Accurate and multiplexed detection of protein biomarkers in complex biological fluids is essential for early diagnosis and precision medicine. However, existing technologies face critical trade-offs among sensitivity, specificity, multiplexing capability, and operational simplicity. Antibody-based assays like ELISA often lack the sensitivity for early detection, while nucleic acid amplification methods are poorly suited for protein targets and require complex workflows. This creates a pressing need for a simple, highly sensitive, and interference-free approach for simultaneous protein detection in real-world samples. Here, we report an aptamer-driven T7 RNA polymerase cascade amplification system for visual, dual-channel detection of protein biomarkers directly in serum.
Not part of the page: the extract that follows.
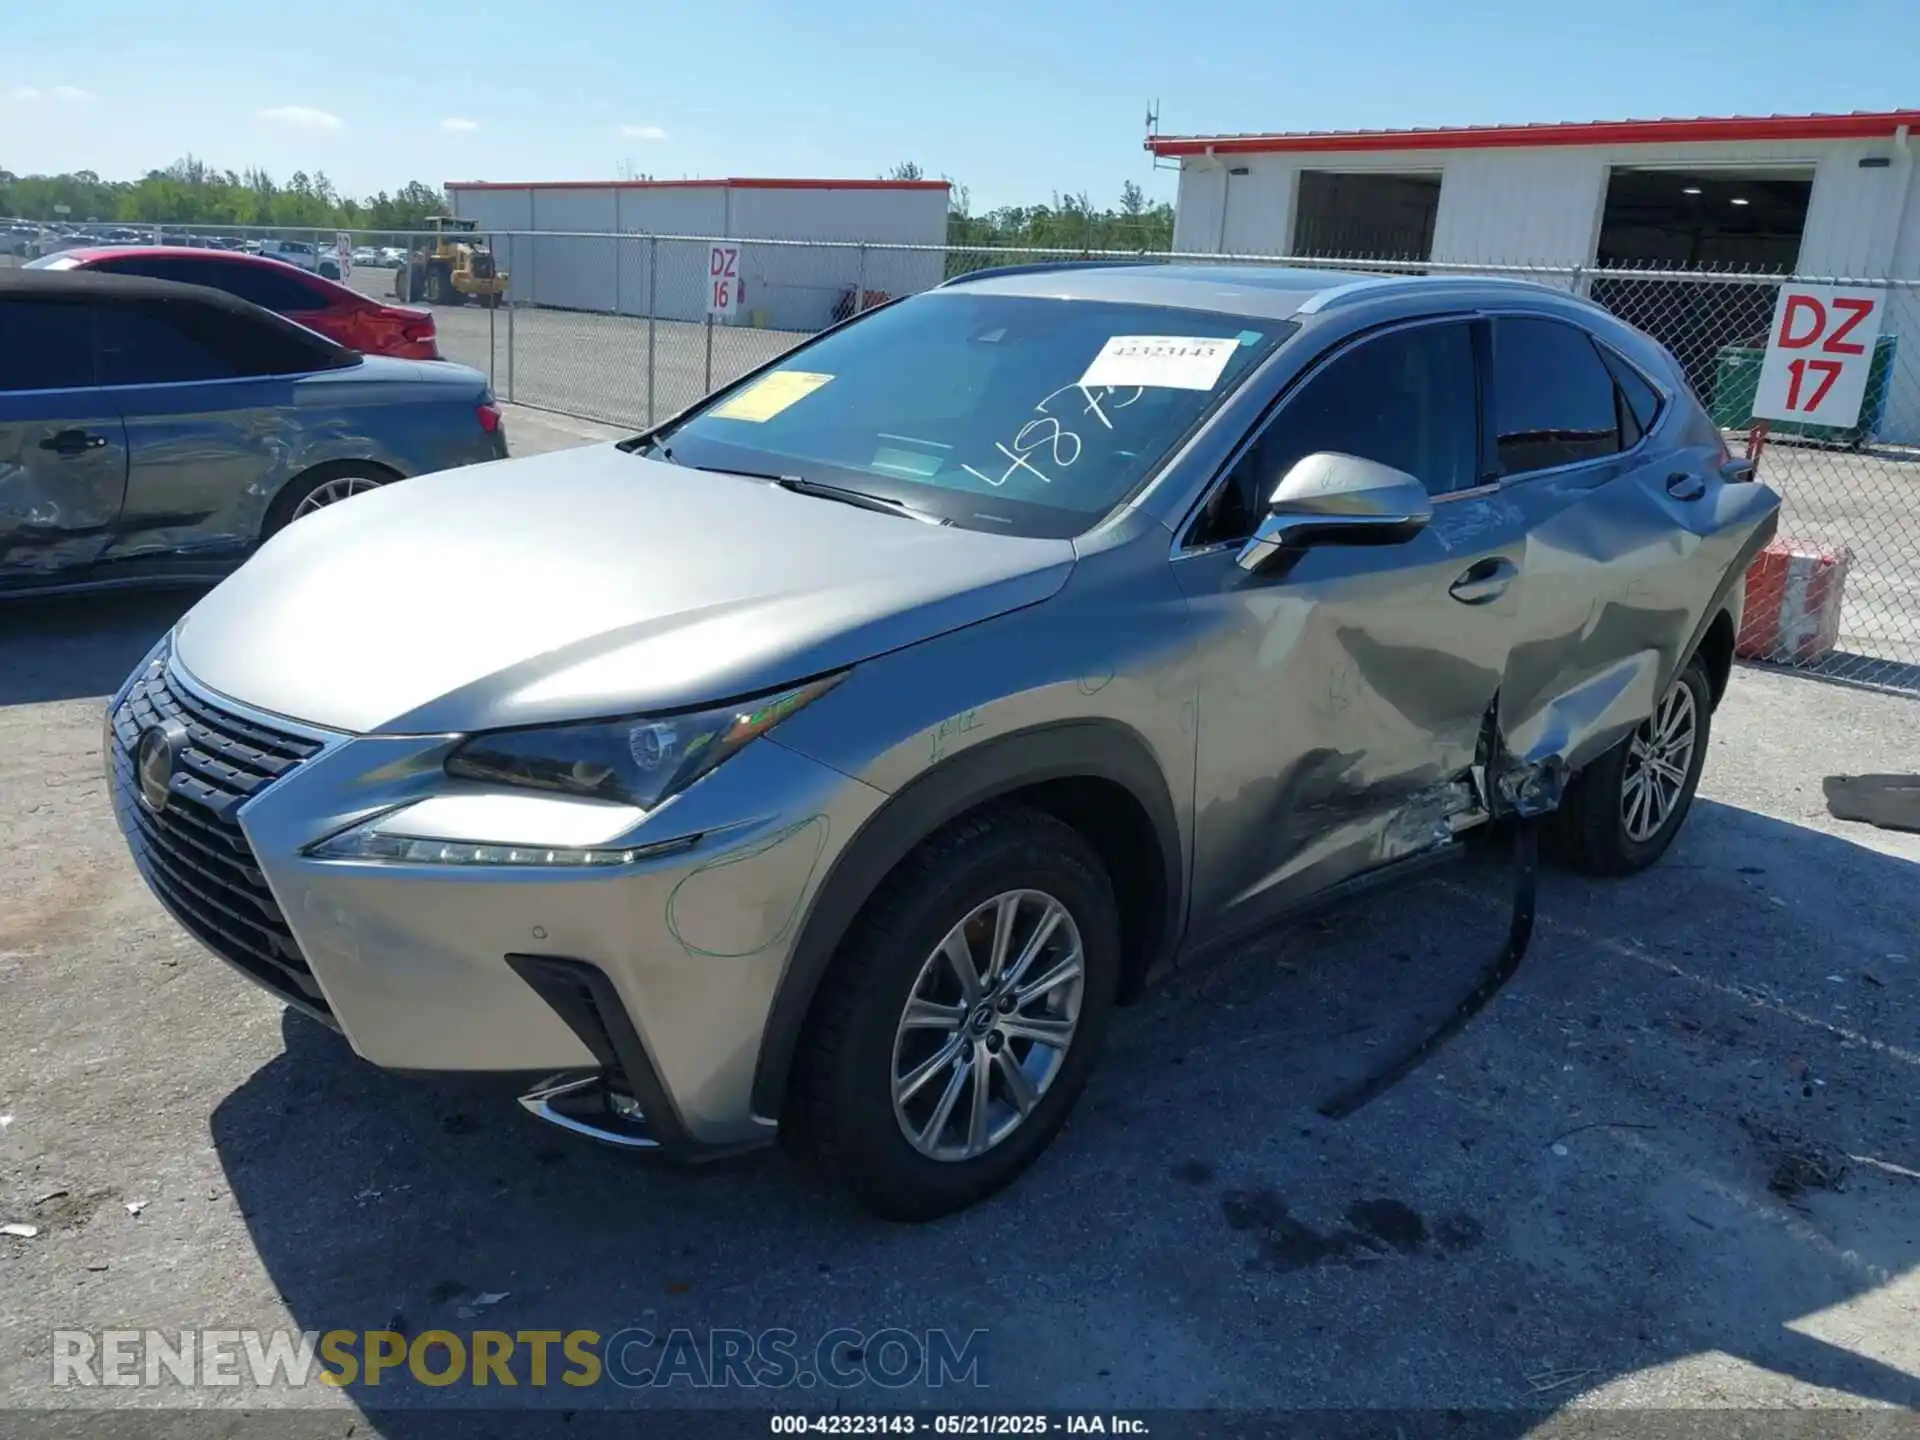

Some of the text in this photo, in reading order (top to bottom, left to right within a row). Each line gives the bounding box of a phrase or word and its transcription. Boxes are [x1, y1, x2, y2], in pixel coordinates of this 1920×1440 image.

[711, 247, 738, 278] DZ
[713, 281, 729, 308] 16
[1778, 294, 1875, 356] DZ
[1785, 358, 1843, 413] 17
The platform converts target recognition into isothermal RNA transcription, producing red or green fluorescence via fluorogenic RNA-dye complexes. Using alpha-fetoprotein and human serum albumin as models, the system achieved femtogram-per-milliliter sensitivity, excellent specificity, and broad linear ranges. A red-green fluorescence logic enables intuitive clinical interpretation. Validation with spiked and clinical samples showed recovery rates between 90 and 110% and strong agreement with ELISA results. These findings demonstrate that protein-responsive nucleic acid circuits can achieve precise, multiplexed detection with instrument-free signal amplification. By integrating molecular recognition, signal amplification, and visual readout, this strategy offers a scalable, point-of-care diagnostic framework and contributes to advancing protein-regulated synthetic biology circuits.